### EXERCISE INSTRUCTIONS
Nothing is to be altered; the data must be repeated exactly.

+++ SOURCE MATERIAL +++

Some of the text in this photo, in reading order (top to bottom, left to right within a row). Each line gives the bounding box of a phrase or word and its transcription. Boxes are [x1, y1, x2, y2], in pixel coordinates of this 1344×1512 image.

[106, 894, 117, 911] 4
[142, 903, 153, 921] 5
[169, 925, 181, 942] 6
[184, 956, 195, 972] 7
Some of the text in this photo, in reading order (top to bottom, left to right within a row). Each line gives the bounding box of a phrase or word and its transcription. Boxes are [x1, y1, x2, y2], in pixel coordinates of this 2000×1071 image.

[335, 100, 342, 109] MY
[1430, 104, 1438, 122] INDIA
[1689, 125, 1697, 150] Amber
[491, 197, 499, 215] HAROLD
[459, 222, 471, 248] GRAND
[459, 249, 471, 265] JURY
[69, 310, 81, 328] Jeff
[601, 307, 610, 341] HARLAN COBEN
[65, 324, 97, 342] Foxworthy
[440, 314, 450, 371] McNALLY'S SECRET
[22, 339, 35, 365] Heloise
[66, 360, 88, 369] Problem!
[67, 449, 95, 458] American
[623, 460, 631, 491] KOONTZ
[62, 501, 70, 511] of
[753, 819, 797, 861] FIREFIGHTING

+++

### OUTPUT
Some of the text in this photo, in reading order (top to bottom, left to right within a row). Each line gives the bounding box of a phrase or word and its transcription. Boxes are [x1, y1, x2, y2], in pixel coordinates of this 1344×1512 image.

[106, 894, 117, 911] 4
[142, 903, 153, 921] 5
[169, 925, 181, 942] 6
[184, 956, 195, 972] 7
Some of the text in this photo, in reading order (top to bottom, left to right within a row). Each line gives the bounding box of a phrase or word and its transcription. Boxes are [x1, y1, x2, y2], in pixel coordinates of this 2000×1071 image.

[335, 100, 342, 109] MY
[1430, 104, 1438, 122] INDIA
[1689, 125, 1697, 150] Amber
[491, 197, 499, 215] HAROLD
[459, 222, 471, 248] GRAND
[459, 249, 471, 265] JURY
[69, 310, 81, 328] Jeff
[601, 307, 610, 341] HARLAN COBEN
[65, 324, 97, 342] Foxworthy
[440, 314, 450, 371] McNALLY'S SECRET
[22, 339, 35, 365] Heloise
[66, 360, 88, 369] Problem!
[67, 449, 95, 458] American
[623, 460, 631, 491] KOONTZ
[62, 501, 70, 511] of
[753, 819, 797, 861] FIREFIGHTING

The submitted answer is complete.